In the copy, include every record below exactly as it appears, but no pictures.

* * *

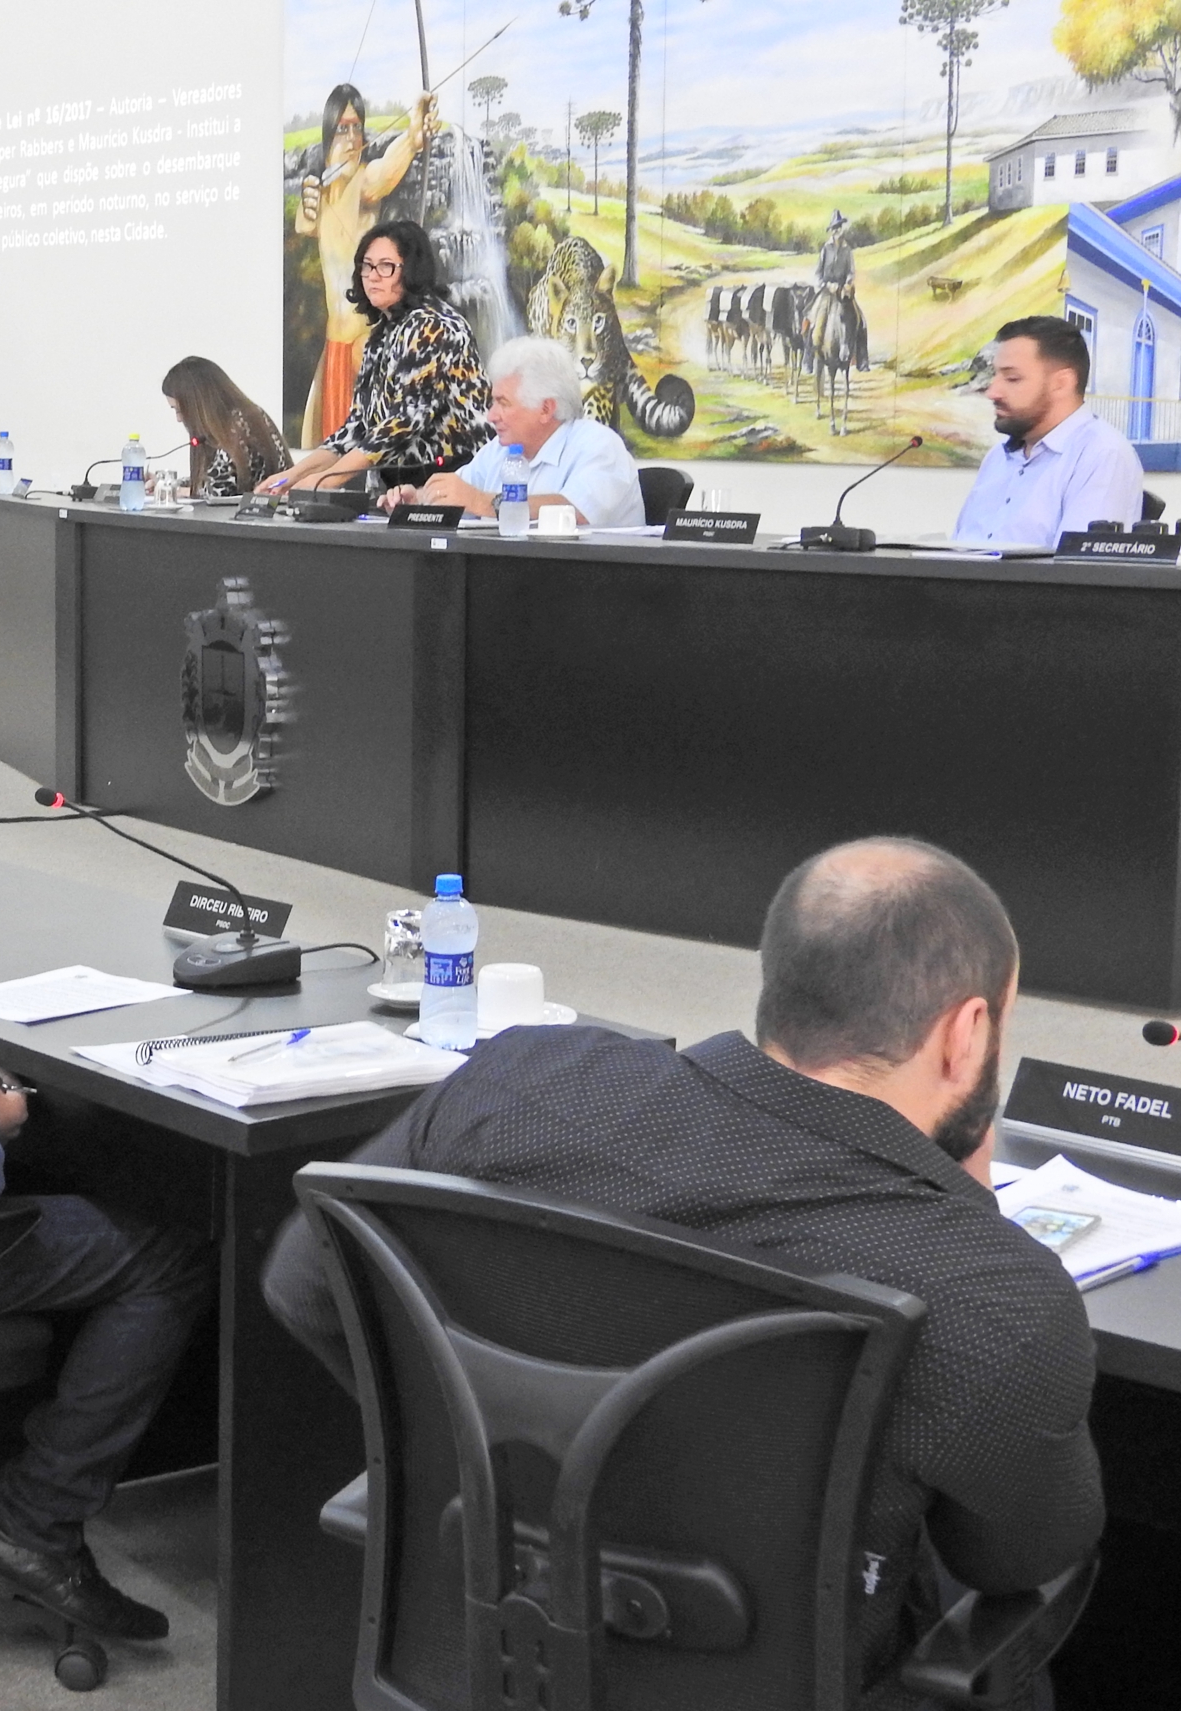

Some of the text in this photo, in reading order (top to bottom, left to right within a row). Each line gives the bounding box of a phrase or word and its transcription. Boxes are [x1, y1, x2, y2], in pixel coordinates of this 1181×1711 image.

[6, 110, 23, 130] Lei
[45, 99, 92, 127] 16/2017
[109, 92, 153, 116] Autoria
[171, 81, 242, 108] Vereadores
[19, 137, 64, 158] Rabbers
[67, 138, 75, 153] e
[78, 128, 129, 151] Maurício
[132, 122, 173, 145] Kusdra
[186, 114, 230, 139] Institui
[233, 117, 241, 133] a
[36, 170, 58, 190] que
[63, 161, 99, 186] dispõe
[104, 159, 137, 180] sobre
[142, 160, 151, 176] o
[156, 150, 241, 175] desembarque
[29, 202, 48, 217] em
[52, 194, 95, 219] período
[99, 193, 150, 211] noturno,
[154, 191, 171, 207] no
[175, 184, 219, 208] serviço
[223, 180, 240, 202] de
[1, 229, 41, 252] público
[42, 226, 89, 247] coletivo,
[90, 225, 122, 243] nesta
[123, 220, 168, 242] Cidade.
[407, 512, 444, 523] PRESIDENTE
[675, 517, 747, 529] MAURÍCIO KUSDRA
[1092, 541, 1156, 554] SECRETÁRIO
[189, 894, 269, 923] DIRCEU RIBIRO
[1062, 1081, 1172, 1119] NETO FADEL
[1101, 1114, 1121, 1127] PTB

* * *

EXERCISE RESULT |
Some of the text in this photo, in reading order (top to bottom, left to right within a row). Each line gives the bounding box of a phrase or word and its transcription. Boxes are [x1, y1, x2, y2], in pixel coordinates of this 1181×1711 image.

[6, 110, 23, 130] Lei
[45, 99, 92, 127] 16/2017
[109, 92, 153, 116] Autoria
[171, 81, 242, 108] Vereadores
[19, 137, 64, 158] Rabbers
[67, 138, 75, 153] e
[78, 128, 129, 151] Maurício
[132, 122, 173, 145] Kusdra
[186, 114, 230, 139] Institui
[233, 117, 241, 133] a
[36, 170, 58, 190] que
[63, 161, 99, 186] dispõe
[104, 159, 137, 180] sobre
[142, 160, 151, 176] o
[156, 150, 241, 175] desembarque
[29, 202, 48, 217] em
[52, 194, 95, 219] período
[99, 193, 150, 211] noturno,
[154, 191, 171, 207] no
[175, 184, 219, 208] serviço
[223, 180, 240, 202] de
[1, 229, 41, 252] público
[42, 226, 89, 247] coletivo,
[90, 225, 122, 243] nesta
[123, 220, 168, 242] Cidade.
[407, 512, 444, 523] PRESIDENTE
[675, 517, 747, 529] MAURÍCIO KUSDRA
[1092, 541, 1156, 554] SECRETÁRIO
[189, 894, 269, 923] DIRCEU RIBIRO
[1062, 1081, 1172, 1119] NETO FADEL
[1101, 1114, 1121, 1127] PTB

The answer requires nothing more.